Broad involvement of stakeholders is essential to produce a drug assessment system that commands extensive support. So I’m very pleased that NICE says its methods need to be looked at “as part of a wider review of the innovation, evaluation and adoption of new treatments (including those for cancers)”.
I applaud the fact that NICE will carry out its broader review in consultation with key groups such as “patients, people working in or with the NHS, the life sciences industries and health researchers”.
Although we await the details, I welcome the proposal to establish an “office for innovation inside NICE” aimed at providing pharmaceutical companies with a “flight path” through the various stages of developing, evaluating and adopting their products for the NHS.
I hope this office will adopt the positive approach to innovation that I’ve outlined. If so, this should encourage high-risk, high-gain research by providing industry with reassurance that there will be joined-up thinking, planning and action.

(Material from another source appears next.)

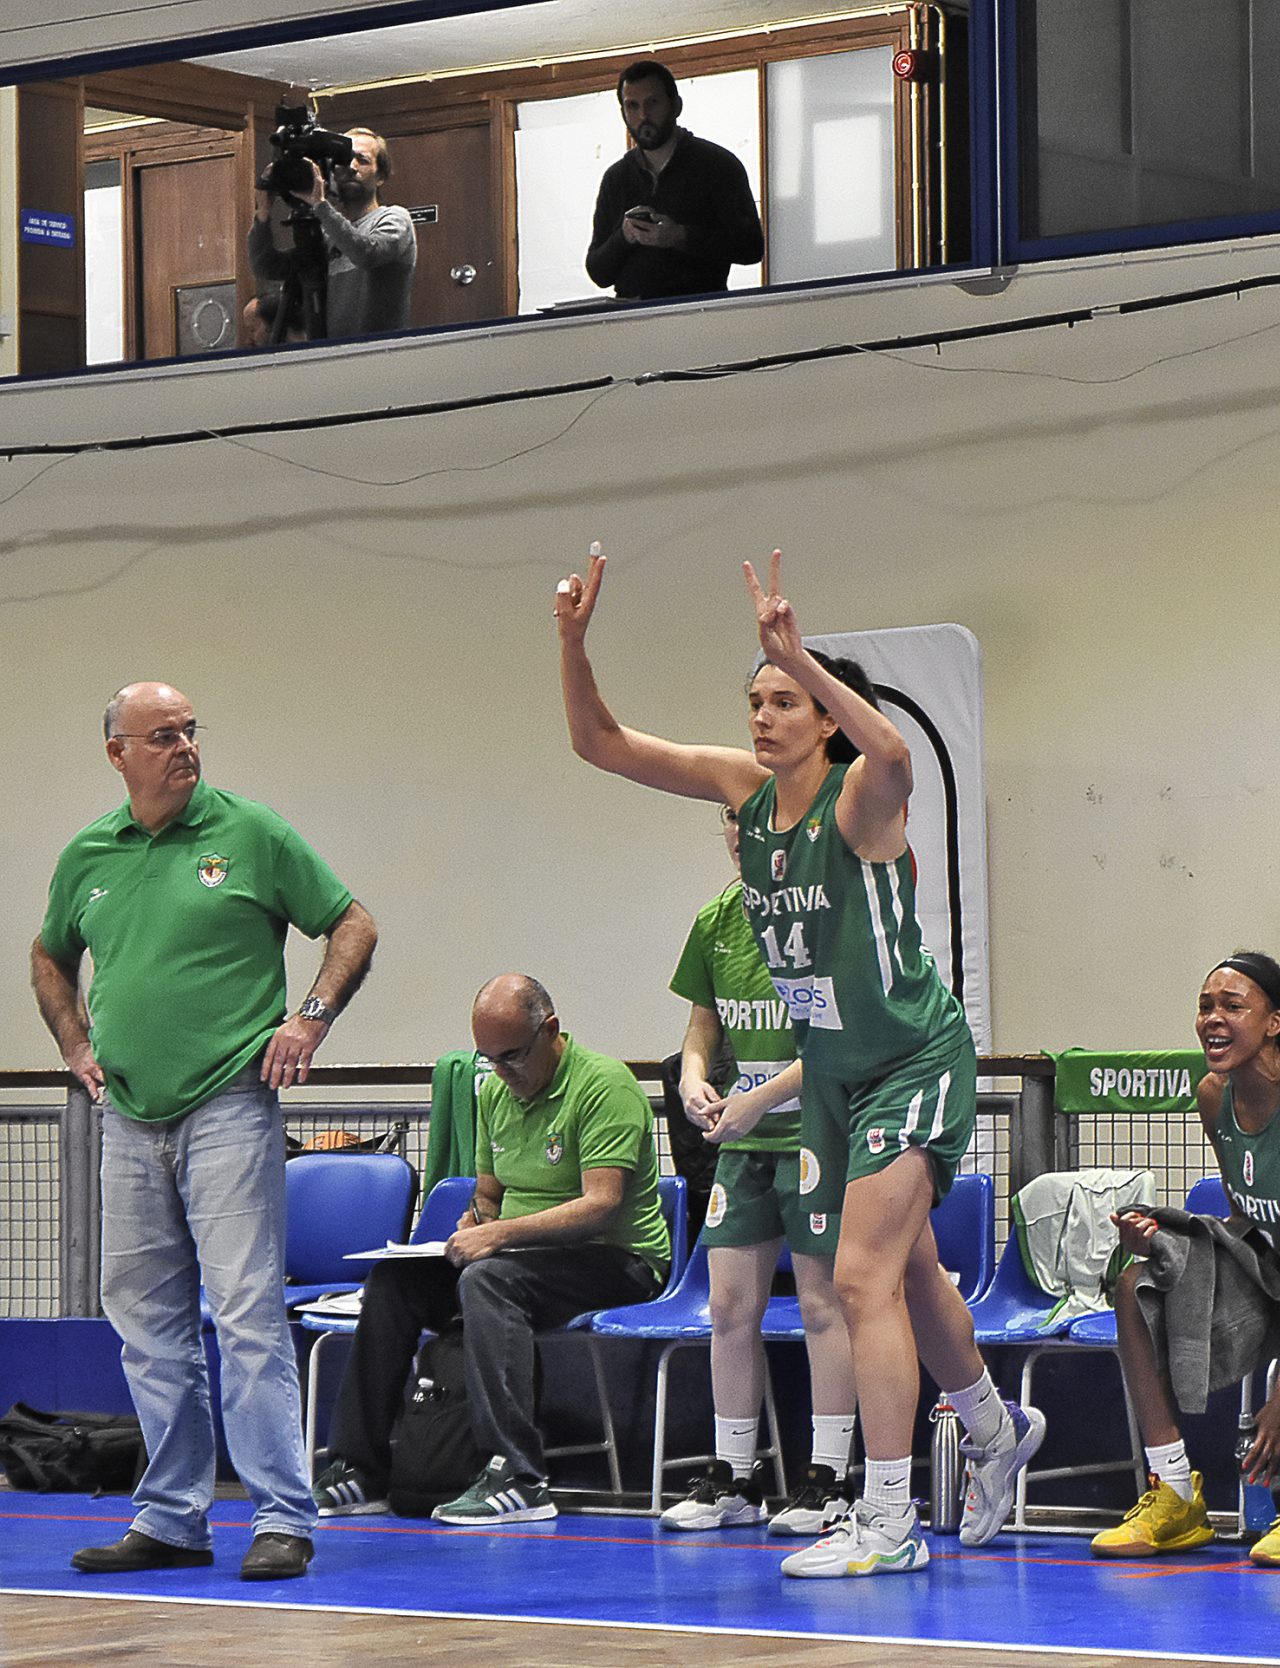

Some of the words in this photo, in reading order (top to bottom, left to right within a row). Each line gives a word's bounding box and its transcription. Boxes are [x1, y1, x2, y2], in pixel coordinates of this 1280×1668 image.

I welcome NICE’s proposal to reach agreement with NHS England and the Department of Health on the NHS's willingness to pay for new treatments, taking into account special cases, among which cancer is named.
Likewise I support the proposal to explore sharing of risk between companies and the NHS, with the aim of progressively assessing and reflecting the value of new treatments as evidence builds on their value.
Final thoughts
NICE has a very difficult job in trying to come up with a system for accepting drugs into the NHS. It must try to satisfy numerous different and often passionately conflicting interests.
But the general principles I have outlined could help to produce a system that could deliver what everyone ultimately wants – really innovative, effective new drugs, for cancer and many other diseases besides.
We need innovative, affordable drugs that make a real difference in defeating human disease. Industry must be incentivised to be more innovative and at the same time must be realistic about pricing in a cost-constrained environment. We need to mend what is a failing drug development ecosystem which is not delivering as much clinical benefit as it could from the breakthroughs in our understanding of human cancer.
All stakeholders have a role to play in fixing the model, and NICE has moved one step in the right direction.